Lockdowns Have Been a Disaster

By any sensible calculation, the principal worldwide covid damage has come not from the virus, but from governments’ efforts to suppress it, principally through lockdowns. Dr. Ari Joffe attempts to quantify that disproportion. Joffe is a distinguished Canadian pediatrician, having recently been named one of the ten most influential researchers in the field of pediatric critical care.

Dr. Joffe itemizes some of the adverse consequences of shutdowns:

Public health leaders are medical experts and are necessary advisors in formulating a response to the pandemic. However, their expertise is not sufficient to make policy decisions. There are trade-offs to any decision made, and preventing COVID-19 cases, deaths, and overwhelmed hospital capacity are not the only factors to consider. Unfortunately, the response perspective of controlling a single disease has had devastating, often unequally distributed, collateral effects.

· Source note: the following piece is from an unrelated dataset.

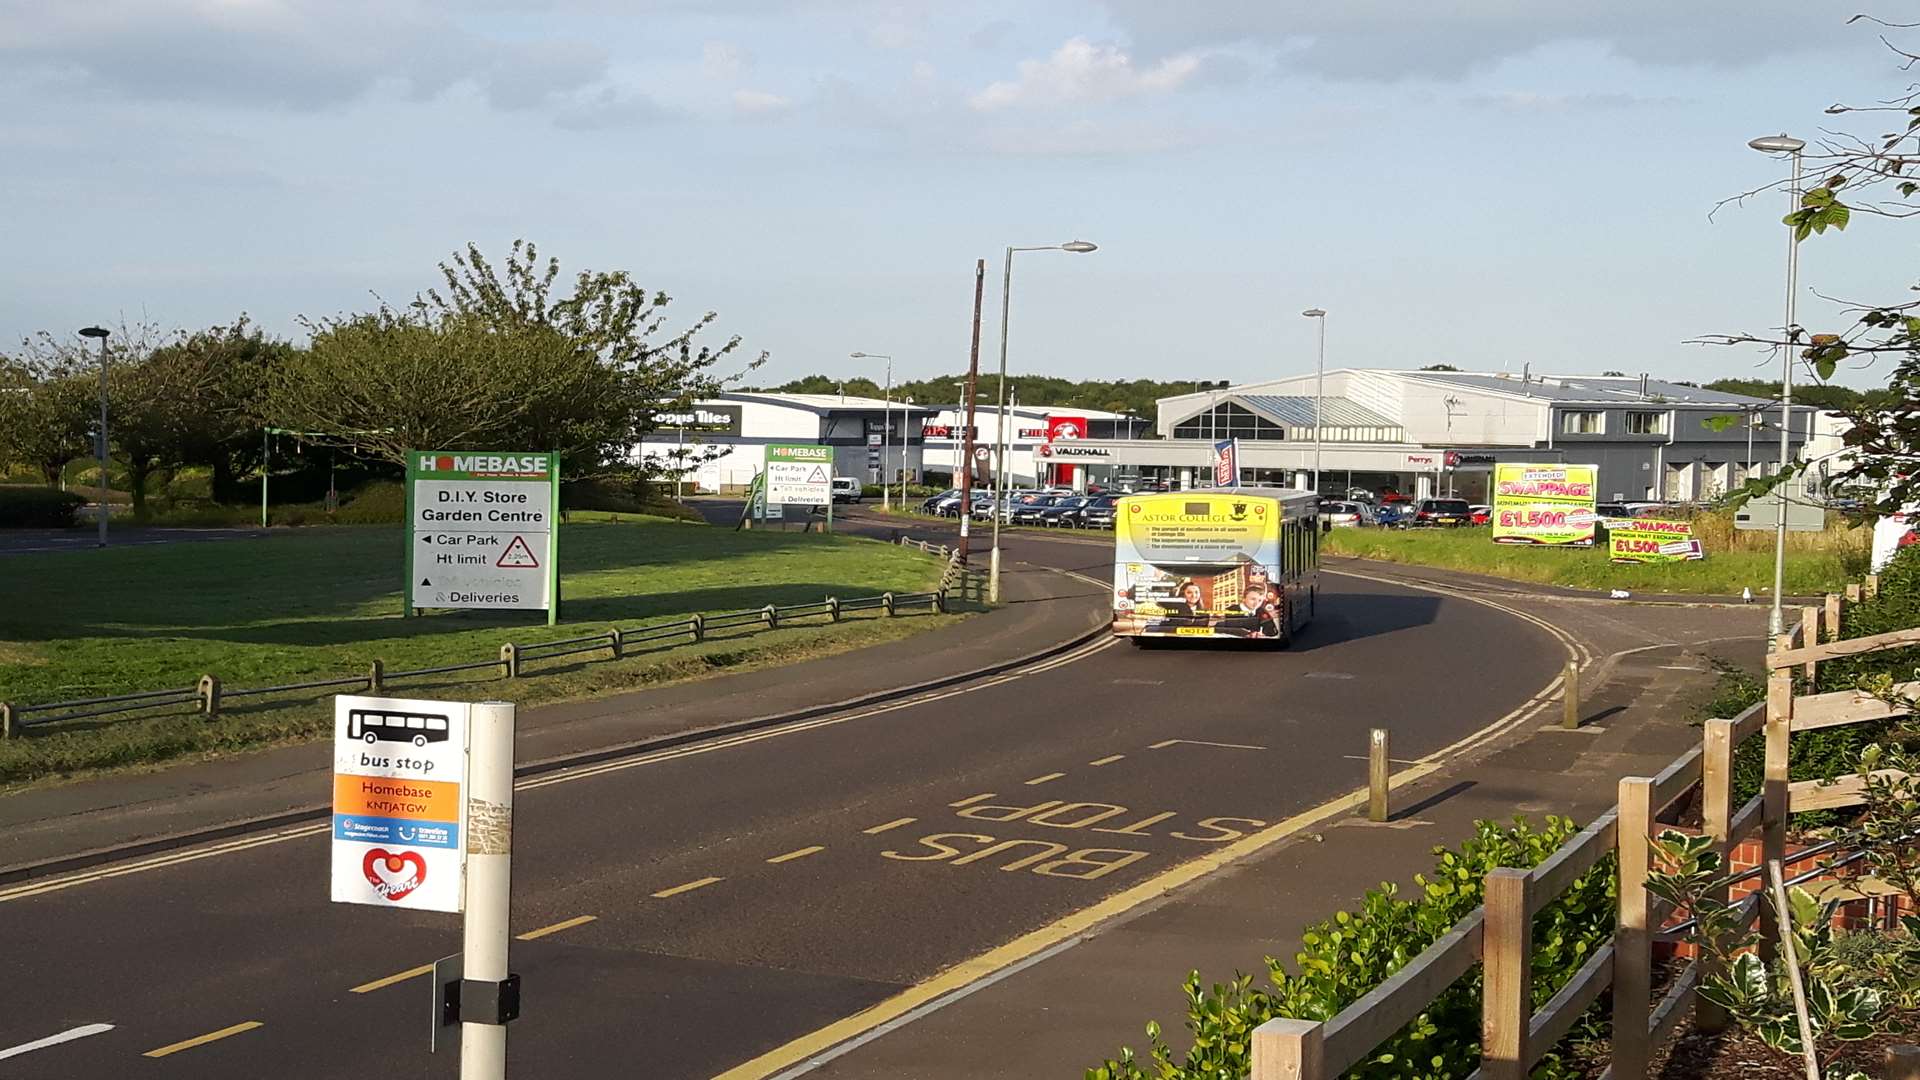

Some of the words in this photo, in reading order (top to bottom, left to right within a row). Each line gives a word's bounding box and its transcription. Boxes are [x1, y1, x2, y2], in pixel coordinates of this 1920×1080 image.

Lockdowns have put many sustainable development goals out of reach. In many parts of the world there have been interruptions in childhood vaccinations, education, detection and treatment of infectious diseases (for example, tuberculosis, malaria, and HIV), and prevention of under 5-year-old and maternal mortality, projected to cost many millions of lives in the coming years. These interruptions in economic activity and supply chains are estimated to cause more than 83 million people to become food insecure, and over 70 million people to enter severe poverty (living on less than US$1.90/day), both likely to cost many more millions of lives in the coming years. Violence against women, including intimate partner violence, female genital mutilation, and child marriage are projected to also increase by many millions of cases.

In high-income countries other collateral damage from lockdowns is occurring. Fear of attending hospitals resulted in 50 percent declines in visits for heart attacks and strokes, meaning missed opportunity for time-critical treatments. ‘Non-urgent’ surgery and cancer diagnosis/treatment were delayed, with backlogs that will take years of catch-up and untold effects on prognoses. Of excess mortality during the pandemic, 20-50 percent has not been due to COVID-19 (see Kontis et al. 2020; Docherty et all 2020; and Postill et al 2020); much of that excess is likely attributable to these collateral effects. An unexplained increase in deaths of people with dementia in the US and UK also likely arose from deterioration due to loneliness. Over time, suicide, depression, alcohol use disorder, childhood trauma due to domestic violence, changes in marital status, and social isolation are projected to cause millions of years of life lost in Canada alone.

Dr. Joffe uses an approach that quantifies “Quality Adjusted Life Years” to weigh the benefits and costs of global covid shutdowns. Using that methodology, he concludes that the costs of shutdowns have exceeded the benefits by at least ten to one. He also notes that “Various cost-benefit analyses from different countries, including some of these costs, have consistently estimated the cost in lives from lockdowns to be at least five to 10 times higher than the benefit, and likely far higher.”

This kind of calculation is by no means an exact science, but I think it is fair to say that a scientific consensus is emerging to the effect that shutdowns do vastly more harm than good.